B.    Parkinson’s disease 

 The good news is others have done the difficult work for us. There are hundreds of books, articles, seminars and speeches on YouTube for us to watch, read, and enjoy. There’s a list of these things in Appendix A.  But since that won’t be posted until the last blog, I want to tell you what has really blessed me.

 A.   My Parkinson’s Team, the social network for those living with Parkinsons. Articles, testimonials, and stories that will inform, educate and encourage you.

B. BLOG. Moving and Shaking, I write, I knit, I dance I eat chocolate and I have Parkinson’s – Author, Andi Brown. WORD PRESS. Andi is open, honest and funny about the ups and downs,  highs and lows, struggles and victories of living with Parkinson’s.

C.     The New Parkinson’s Disease Treatment Book, Partnering with Your Doctor to get the Most from Your Medications. Second Edition, By J.  Eric Ahlskog, PhD.  MD.  Oxford University Press

D.   All You Can Do is Do What You Must, Living with Parkinson’s Disease. A Memoir by Ira Fried. C. 2017. Printed by The American Parkinson’s Disease Association.

 There will be two more blogs in this three-part series for a total of five blogs. I will post them as soon as they are finished.

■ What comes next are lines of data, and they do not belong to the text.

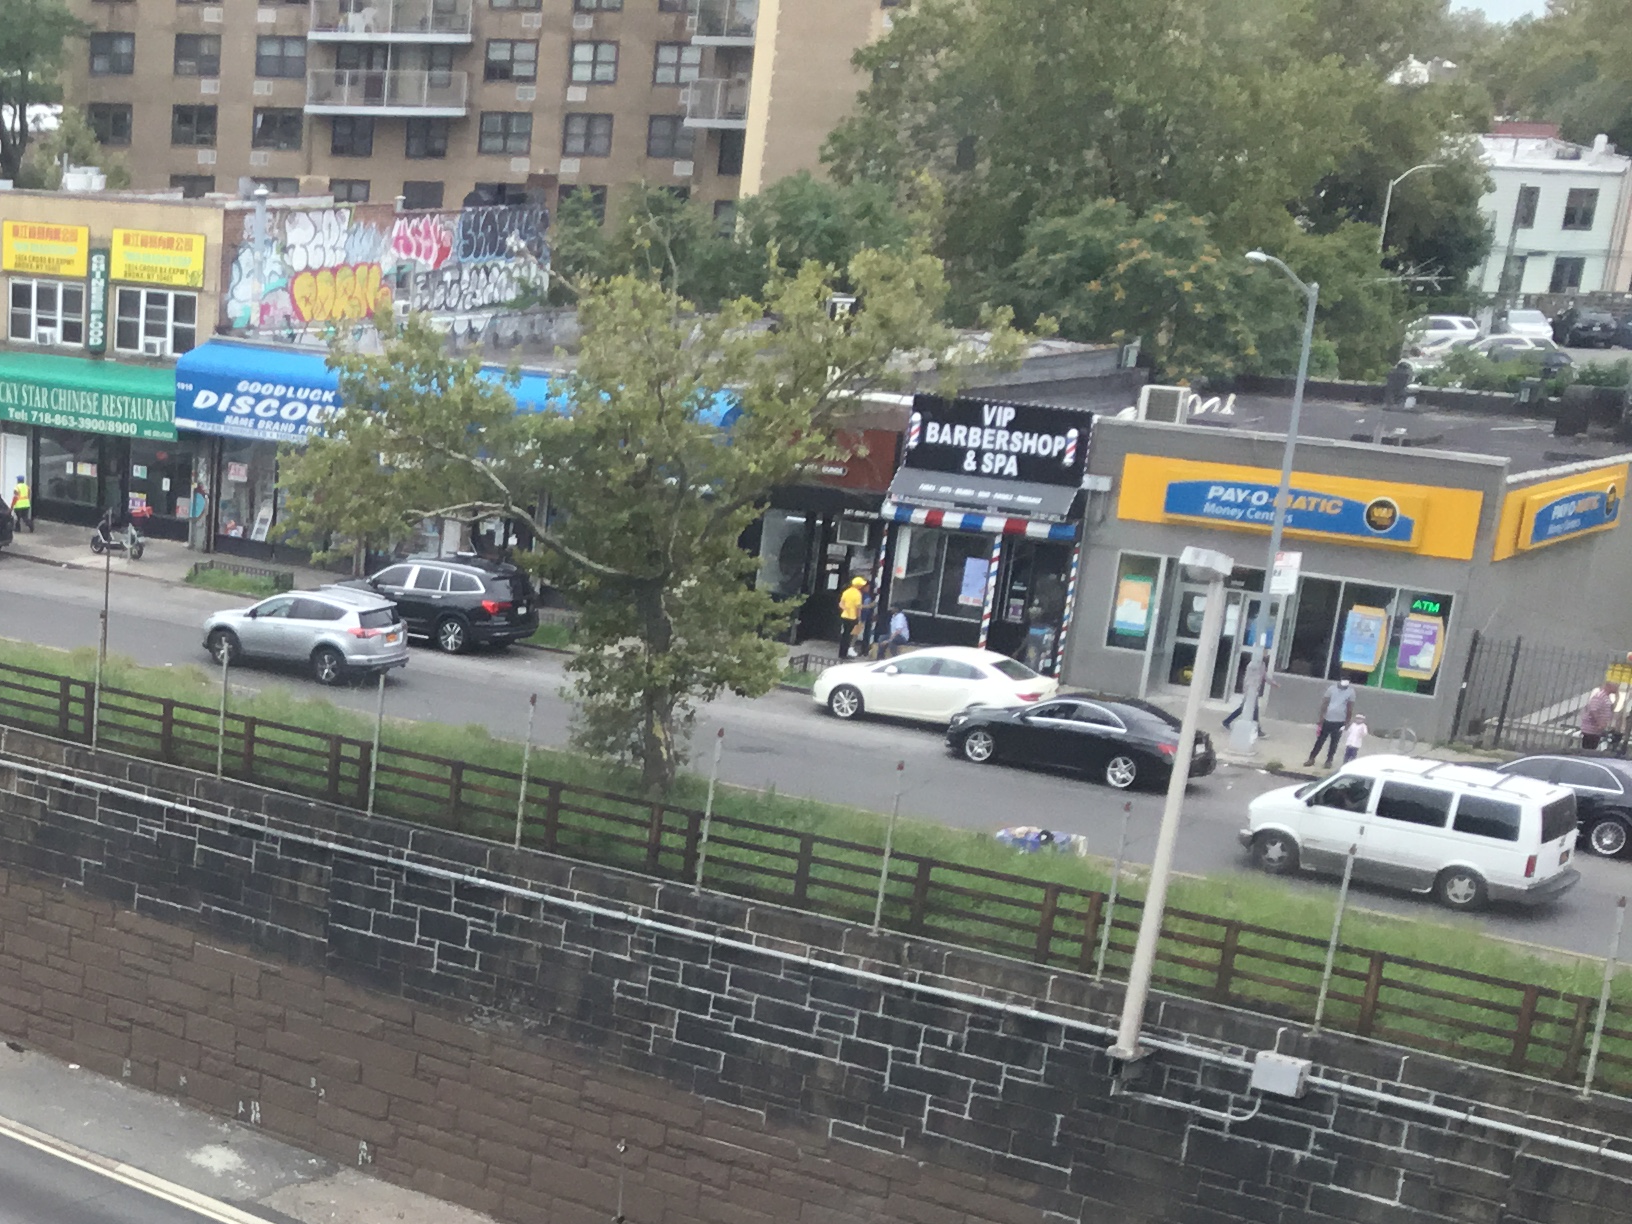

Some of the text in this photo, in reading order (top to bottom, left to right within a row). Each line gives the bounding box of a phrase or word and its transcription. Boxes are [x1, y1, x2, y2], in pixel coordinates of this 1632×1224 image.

[89, 254, 106, 346] CHINESE FOOD
[21, 384, 48, 409] STAR
[50, 388, 99, 416] CHINESE
[101, 394, 177, 424] RESTAURANT
[982, 404, 1017, 428] VIP
[31, 410, 138, 435] 718-863-3900/8900
[224, 415, 256, 429] NAME
[257, 419, 296, 434] BRAND
[925, 421, 1067, 457] BARBERSHOP
[963, 450, 1019, 477] & SPA
[1202, 501, 1244, 518] Money
[1412, 600, 1440, 613] ATM

 “The body and the mind are only vehicles for experiencing life.  This realization helps me live with Parkinson’s.” Muhammad Ali [3. Pg. ]

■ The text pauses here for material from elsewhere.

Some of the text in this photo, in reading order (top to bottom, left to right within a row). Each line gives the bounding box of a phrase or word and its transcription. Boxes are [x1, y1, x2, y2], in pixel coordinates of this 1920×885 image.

 Please Continue to pray for us and be sure we will continue to pray for you.





3 thoughts on “Continue Fighting – part two

  1. Very inspiring words. I tend to get complacent with my exercise. I do kickboxing three days a week. This is good exercise but I know that I need to do more stretching. I went through a series of LSVT exercises and am trying to do these on my boxing off days. Thank you for the inpisration.

    Liked by 1 person

    1. My problem lies in not continuing with the LSVT exercises. It’s like, been there, done that what’s next? Doing it every day for the rest of my life seems so….redundant. Like eating, breathing, sleeping, everything else in my life.